## TRY IT
Give back each entry word for word, but drop the images.

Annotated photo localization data
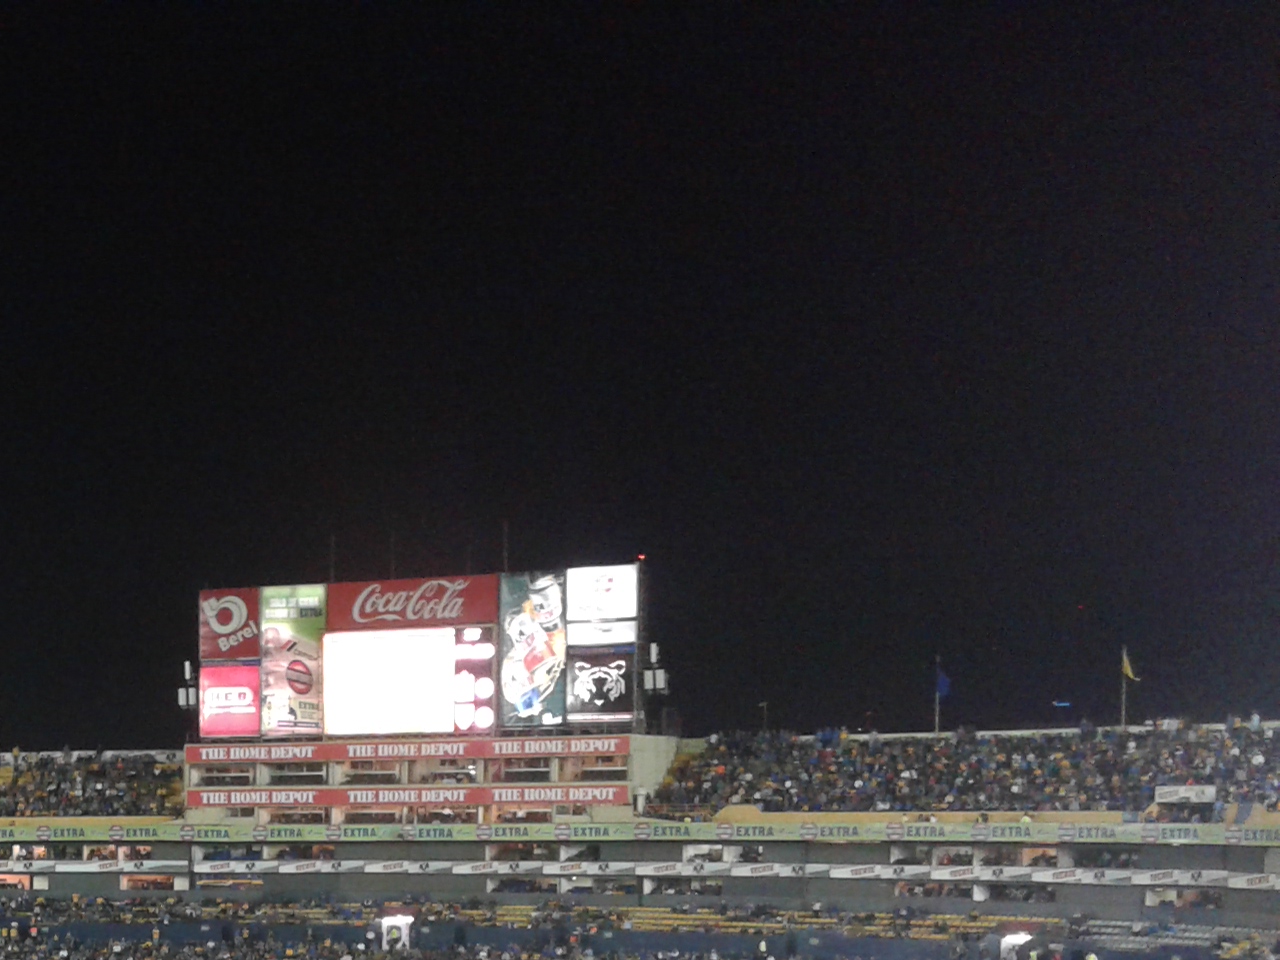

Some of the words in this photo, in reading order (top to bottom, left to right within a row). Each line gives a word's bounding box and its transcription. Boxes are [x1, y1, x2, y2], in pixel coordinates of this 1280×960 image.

[352, 580, 470, 623] Coca-Cola
[217, 619, 259, 652] Berel
[200, 747, 227, 759] THE
[230, 747, 269, 759] HOME
[271, 746, 317, 758] DEPOT
[347, 745, 375, 757] THE
[377, 744, 418, 756] HOME
[421, 743, 467, 755] DEPOT
[492, 742, 522, 754] THE
[524, 741, 567, 753] HOME
[571, 739, 618, 752] DEPOT
[200, 792, 227, 804] THE
[230, 792, 269, 804] HOME
[271, 791, 318, 803] DEPOT
[347, 791, 375, 803] THE
[378, 790, 419, 802] HOME
[421, 789, 467, 802] DEPOT
[492, 789, 522, 801] THE
[524, 788, 566, 800] HOME
[569, 787, 617, 799] DEPOT
[53, 828, 85, 838] EXTRA
[125, 828, 158, 838] EXTRA
[197, 829, 229, 839] EXTRA
[270, 829, 303, 838] EXTRA
[343, 827, 377, 838] EXTRA
[419, 828, 453, 838] EXTRA
[494, 827, 529, 838] EXTRA
[573, 827, 609, 838] EXTRA
[653, 826, 690, 837] EXTRA
[735, 826, 774, 837] EXTRA
[820, 826, 859, 838] EXTRA
[906, 826, 945, 838] EXTRA
[991, 827, 1032, 838] EXTRA
[1078, 827, 1117, 839] EXTRA
[1161, 827, 1199, 840] EXTRA
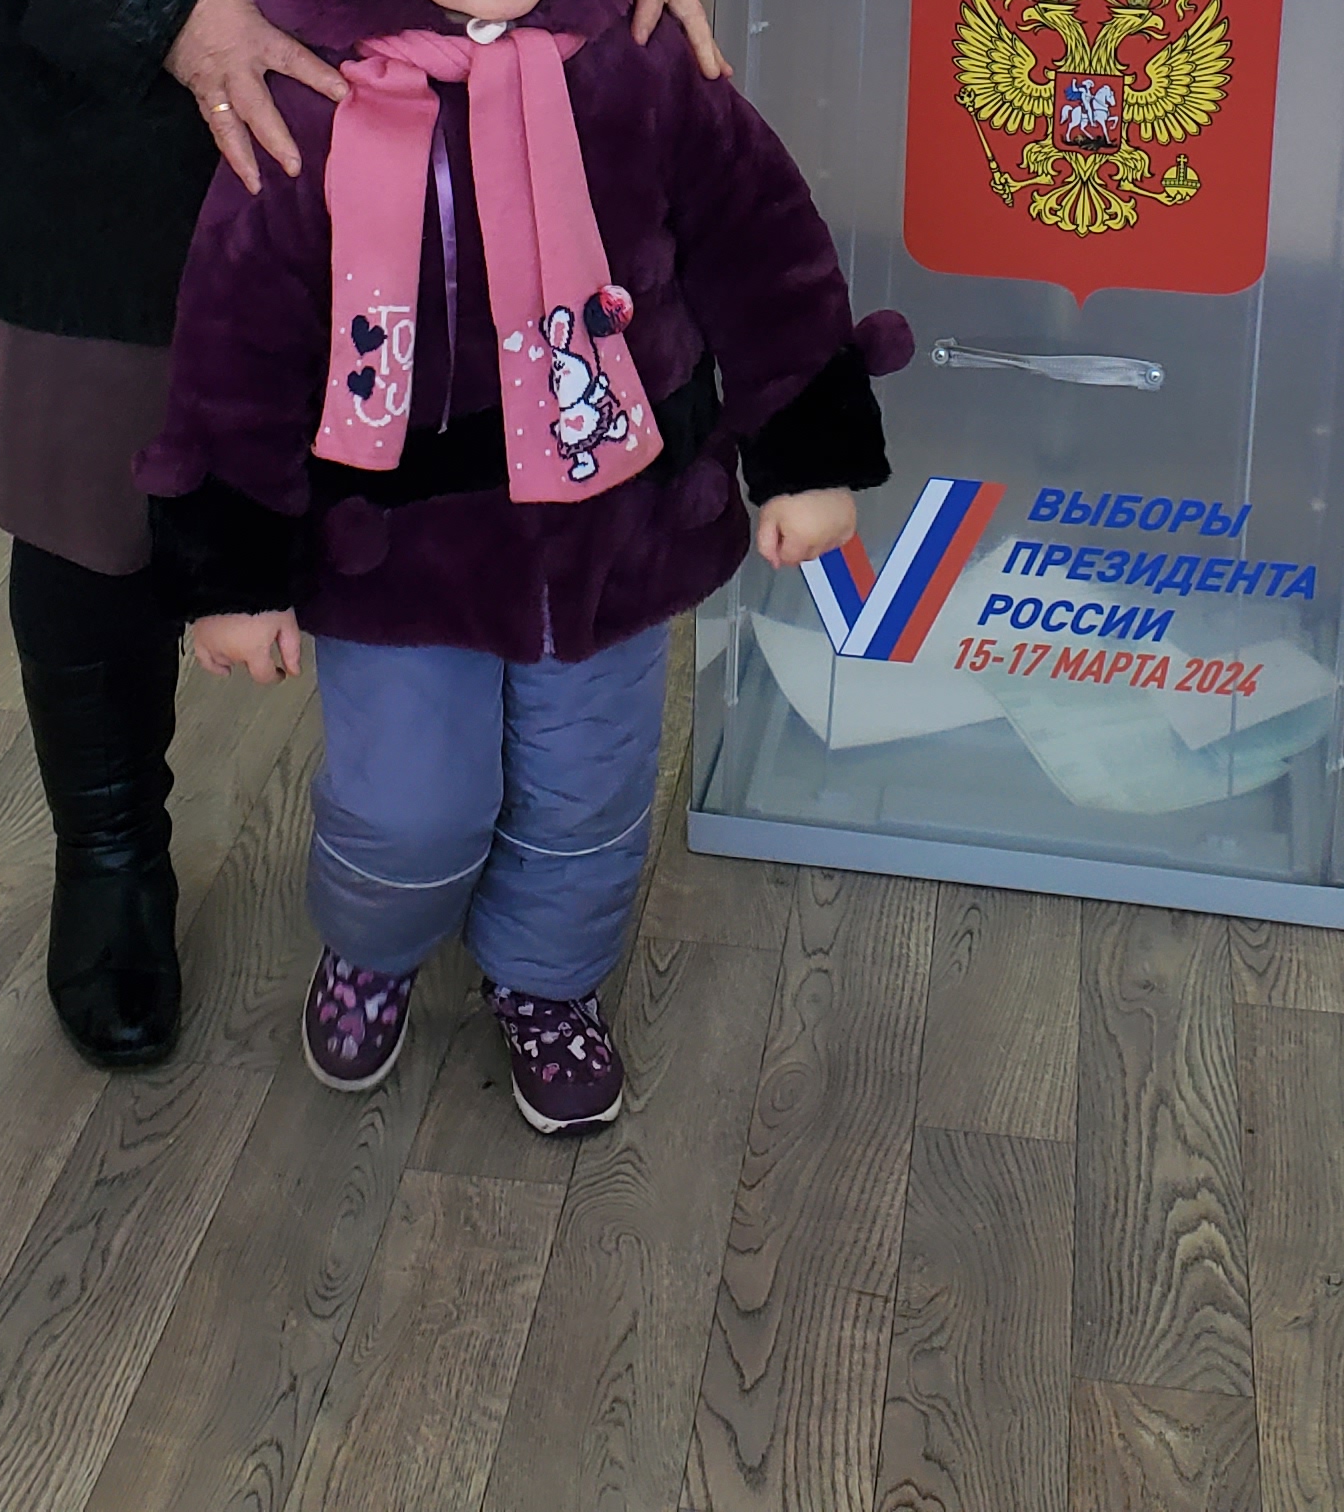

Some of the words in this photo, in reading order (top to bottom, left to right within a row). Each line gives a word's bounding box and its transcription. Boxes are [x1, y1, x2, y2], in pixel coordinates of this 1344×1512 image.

## ANSWER AREA
Some of the words in this photo, in reading order (top to bottom, left to right within a row). Each line gives a word's bounding box and its transcription. Boxes are [x1, y1, x2, y2], in pixel coordinates of this 1280×960 image.

[352, 580, 470, 623] Coca-Cola
[217, 619, 259, 652] Berel
[200, 747, 227, 759] THE
[230, 747, 269, 759] HOME
[271, 746, 317, 758] DEPOT
[347, 745, 375, 757] THE
[377, 744, 418, 756] HOME
[421, 743, 467, 755] DEPOT
[492, 742, 522, 754] THE
[524, 741, 567, 753] HOME
[571, 739, 618, 752] DEPOT
[200, 792, 227, 804] THE
[230, 792, 269, 804] HOME
[271, 791, 318, 803] DEPOT
[347, 791, 375, 803] THE
[378, 790, 419, 802] HOME
[421, 789, 467, 802] DEPOT
[492, 789, 522, 801] THE
[524, 788, 566, 800] HOME
[569, 787, 617, 799] DEPOT
[53, 828, 85, 838] EXTRA
[125, 828, 158, 838] EXTRA
[197, 829, 229, 839] EXTRA
[270, 829, 303, 838] EXTRA
[343, 827, 377, 838] EXTRA
[419, 828, 453, 838] EXTRA
[494, 827, 529, 838] EXTRA
[573, 827, 609, 838] EXTRA
[653, 826, 690, 837] EXTRA
[735, 826, 774, 837] EXTRA
[820, 826, 859, 838] EXTRA
[906, 826, 945, 838] EXTRA
[991, 827, 1032, 838] EXTRA
[1078, 827, 1117, 839] EXTRA
[1161, 827, 1199, 840] EXTRA

Some of the words in this photo, in reading order (top to bottom, left to right within a row). Each line gives a word's bounding box and its transcription. Boxes are [x1, y1, x2, y2], in pixel coordinates of this 1344×1512 image.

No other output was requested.